Mudbone featuring Nadirah X – Fresh Mud (2006)
BAND/ARTIST:
Artist: Mudbone featuring Nadirah X
Title Of Album: Fresh Mud
Year Of Release: 2006
Label (Catalog#): Influx Music [INFLUXCD1]
Genre: Blues Rock, Funk, Gospel, Soul
Quality: Mp3 / FLAC (tracks +.cue,log)
Bitrate: CBR 320 kbps / Lossless
Time: 57:58 min
Full Size: 139 mb / 386 mb
Just where in the funk did this come from? There’s a long line of distinguished P-Funkers still strutting their stuff – touring the world to devoted audiences as they Maggot Brain once more, follow with their asses where their minds once went, bringing nations together under the groovelight of the good (mother)ship connection.
They’re still there, and like most ’70s heroes they’re still playing the old stuff both because the punters want it and because it’s infinitely better than anything original they’ve released since.
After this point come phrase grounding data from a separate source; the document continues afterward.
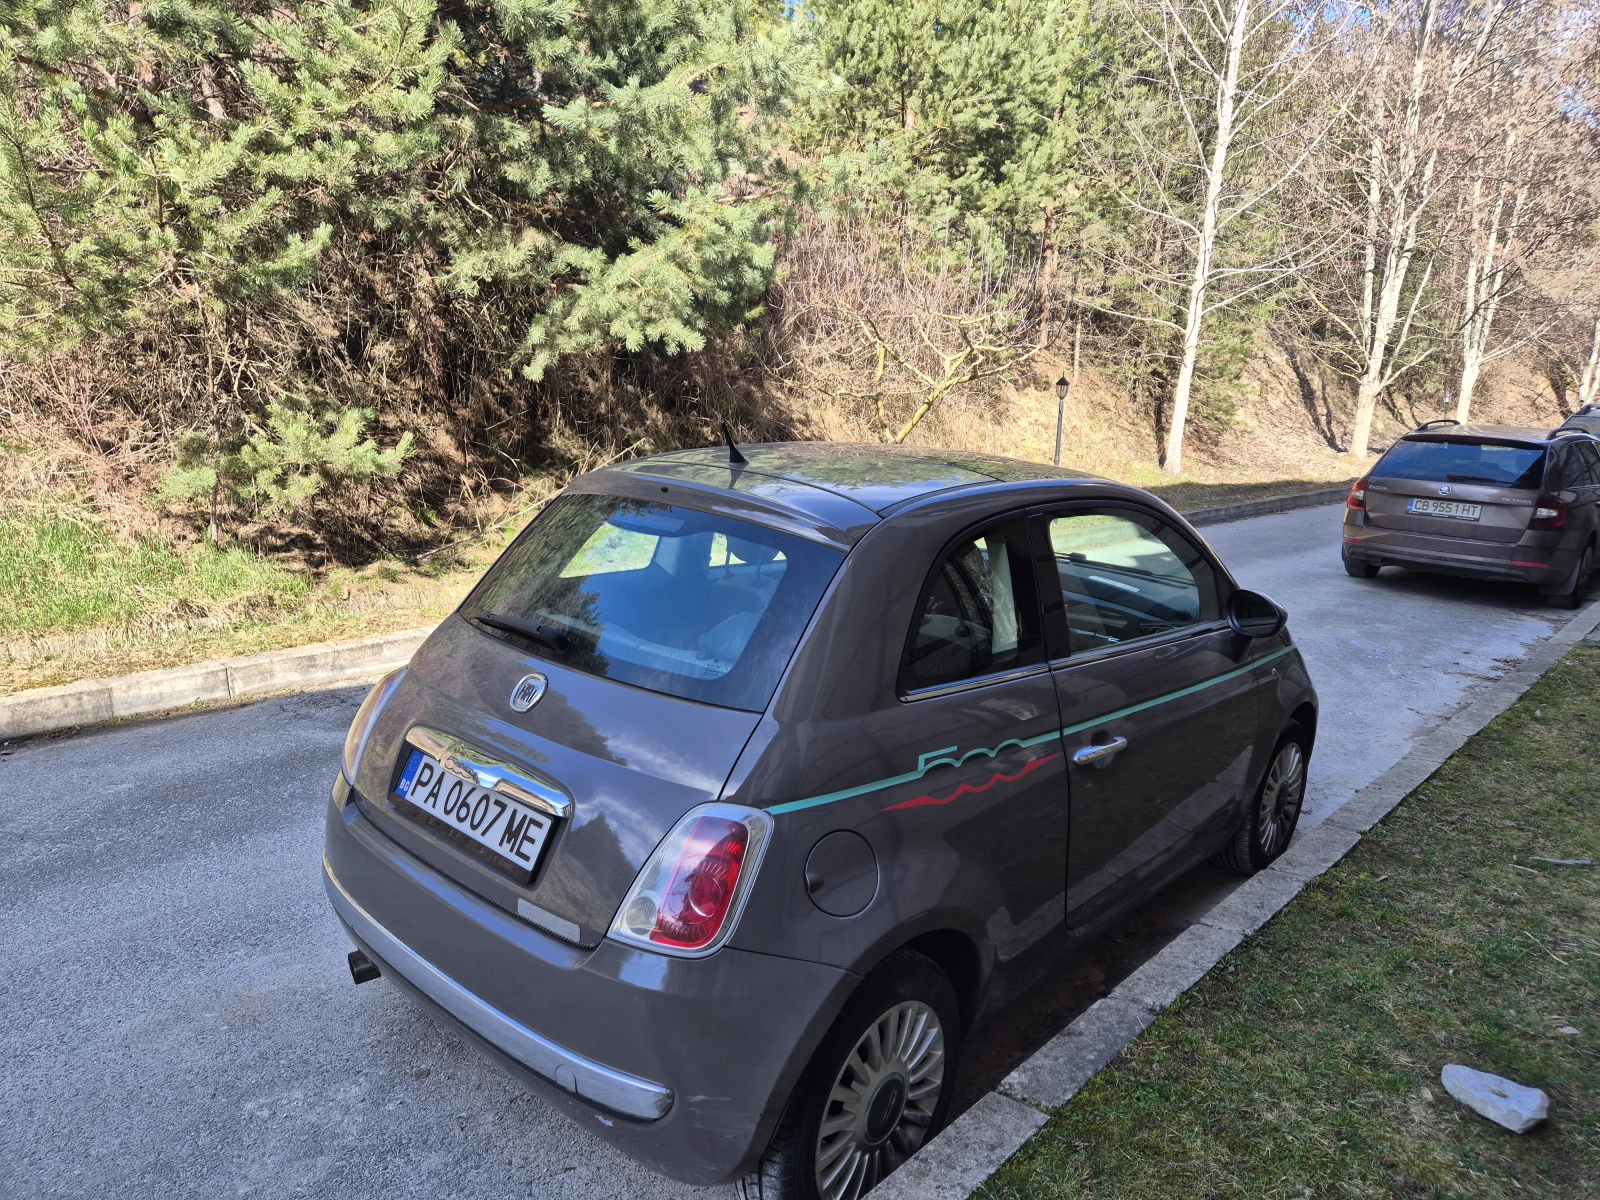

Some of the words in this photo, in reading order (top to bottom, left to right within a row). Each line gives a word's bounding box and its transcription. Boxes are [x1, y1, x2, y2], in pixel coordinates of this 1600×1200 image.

[1414, 500, 1429, 511] CB
[1432, 501, 1460, 514] 9551
[1461, 504, 1479, 516] HT
[399, 778, 410, 792] BG
[410, 762, 446, 809] PA
[443, 780, 508, 837] 0607
[498, 808, 544, 863] ME
Now here comes Gary ‘Mudbone’ Cooper, veteran P-Funk and Rubber Band vocalist, teaming up with Dave Stewart and a whole host of luminaries including Bob Dylan, with an album of blues-influenced funky eclectica. It’s good – no, scratch that, you’ve already seen the score anyway. Fresh Mud is way beyond good, often driving past the window of very good into the exclusive land of genius.
Opening track Make The Devil Mad sets the eclectic agenda from the off, with a rolling pop-funk rhythm cascading into huge distorted synth blasts and into bits and bobs of just about everything, turning a straightforward blues number into a groovy genre melting-pot. Karma is even better, countering a delicate, almost country intro with a powerhouse of a guitar riff worthy of King’s X. Both songs could have been messy and over-indulgent, what with all the different ideas floating around all over the place, but they come out as great, simple pop songs. It’s almost as if Cooper and Stewart have gone back to the blues roots of pop music and started again, going back to basics with a much bigger toybox of musical ideas than the original rock n’ rollers had in the ’50s.
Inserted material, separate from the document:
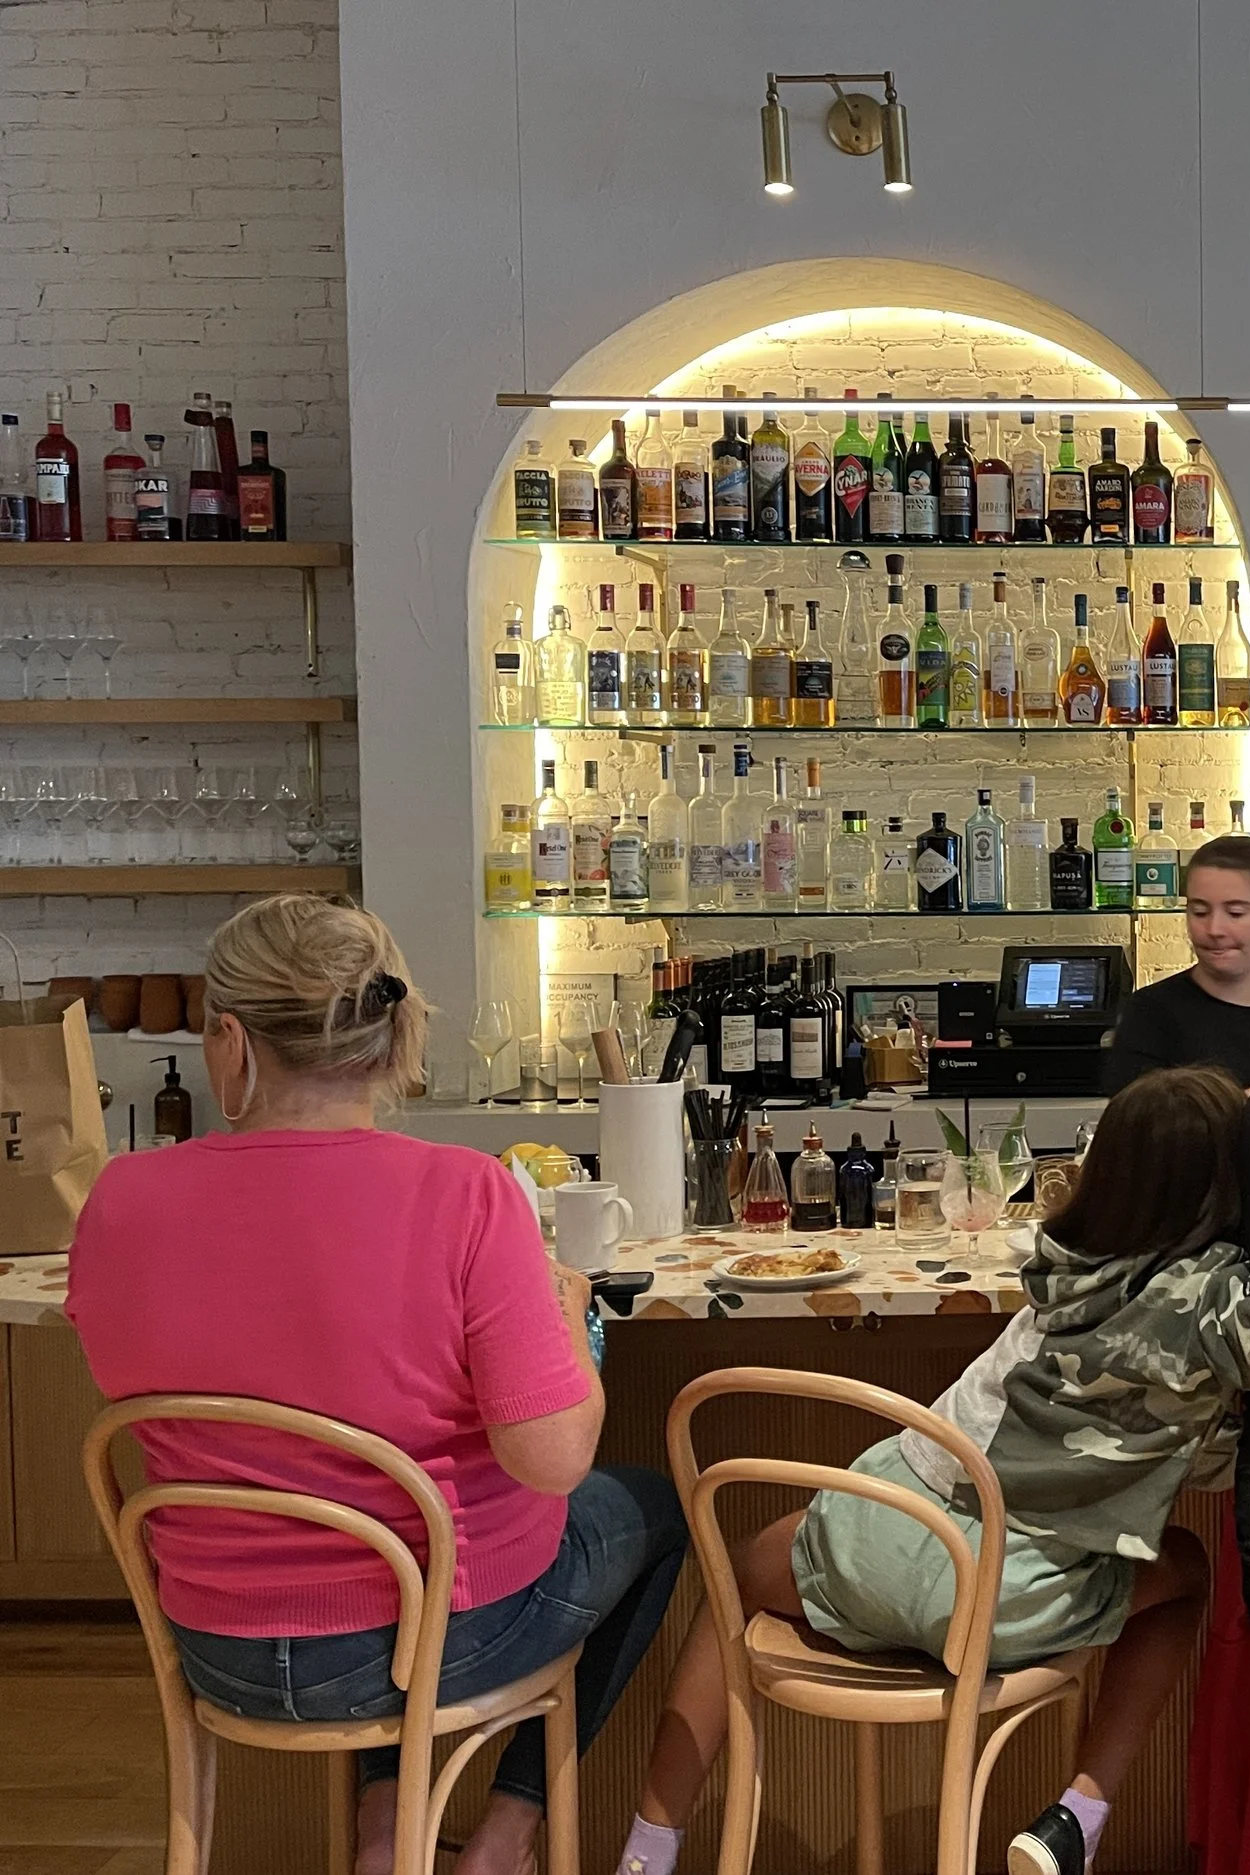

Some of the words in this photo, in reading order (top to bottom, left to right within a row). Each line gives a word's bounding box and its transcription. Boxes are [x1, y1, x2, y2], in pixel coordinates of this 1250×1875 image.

[795, 464, 829, 475] AVERNA
[834, 469, 868, 497] CYNAR
[1135, 502, 1165, 510] AMARA
[548, 982, 592, 991] MAXIMUM
That might upset some long-time P-Funk aficionados, as Fresh Mud isn’t an album that requires prior experience of P-Funk in order to get into it – these really are pop songs, not prog-funk epics, and hugely accessible, radio friendly ones at that. Stewart’s ’80s sensibilities are also an obvious prescence, and could understandably scare off a few listeners, but even with a cynical ear it’s hard to get over both how accomplished and how damn catchy everything is here.
All three opening tracks have more than a hint of a voodoo in the blues, culminating in the deep south synth-funk of Evil – from then on the spiritual side of the album starts to take hold. He Didn’t Make Heaven to be Alone moves through R n’ B, country and (most effectively) gospel territory. It’s the album’s only mixed bag, perhaps a little too preachy – while the album is lyrically conventional and unpretentious there’s only so many times we can hear “I was blind now I can see” without thinking ‘OK, whatever’.
However while the downtempo quota goes up as the album proceeds, this only goes to show that Mudbone is a top quality proponent of the ultra-cheesy 80s pop-soul ballad. It’s impossible to ignore Stewart’s instrumental influence on the likes of Boy From Baltimore, Life Don’t Mean Anything or Pray – again this could be enough to have a few of you reaching for the sick-bag, but it’s difficult to argue that these aren’t cheesy ’80s pop-soul ballads of the utmost quality – real feelgood music.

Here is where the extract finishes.